Republican leaders in North Carolina are criticizing Winston-Salem State University after its office of student affairs sent all students and employees an e-mail, drafted by a student, urging support for Democrats in November's election, The Winston-Salem Journal reported. University officials said that an official did not review the student's e-mail before sending it out, and that it was a mistake to forward a political message of that nature to everyone at the university. The university has apologized and sent out an "equal time" e-mail on behalf of Republicans.

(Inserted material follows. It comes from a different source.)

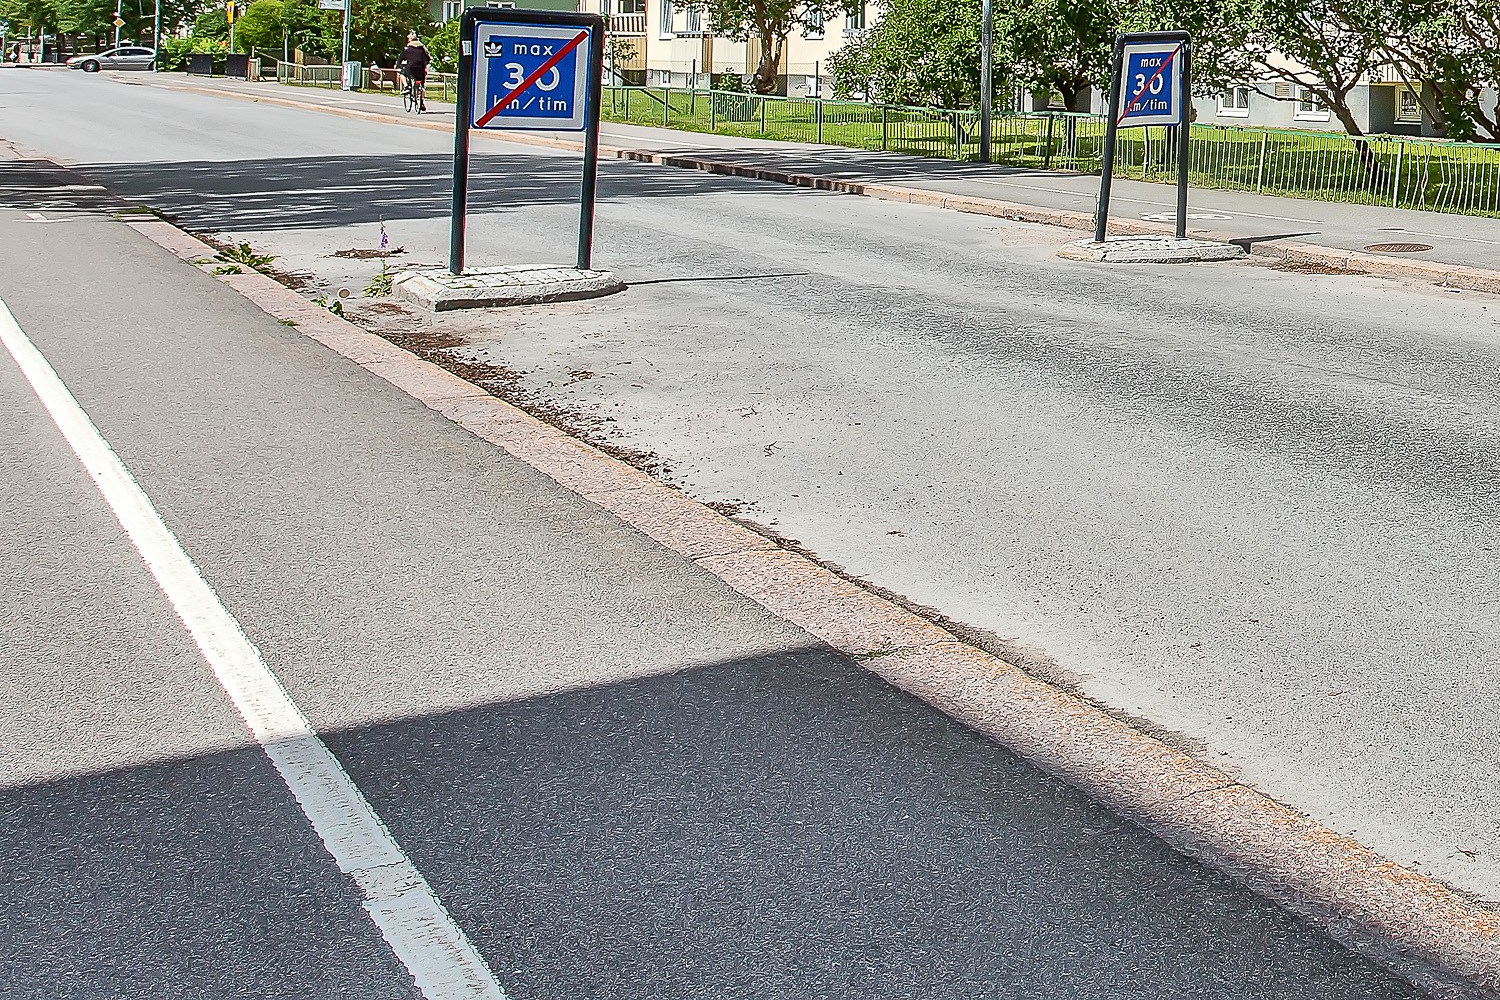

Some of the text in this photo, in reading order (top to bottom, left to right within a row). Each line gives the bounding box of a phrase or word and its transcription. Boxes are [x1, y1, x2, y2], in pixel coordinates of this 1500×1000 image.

Job placement statistics from Everest College, part of the for-profit Corinthian Colleges, sometimes list people as employed who never held the jobs, according to an investigation by WFAA News, a Texas television station. The network documents specific cases, which Corinthian attributed to "rogue" employees. Corinthian has been running ads in newspapers featuring a graduate, "Carolyn," who is employed and praises the education she received. The ad is part of a campaign against tougher federal regulation of for-profit colleges. WFAA asked Corinthian to produce Carolyn, but was denied access to her.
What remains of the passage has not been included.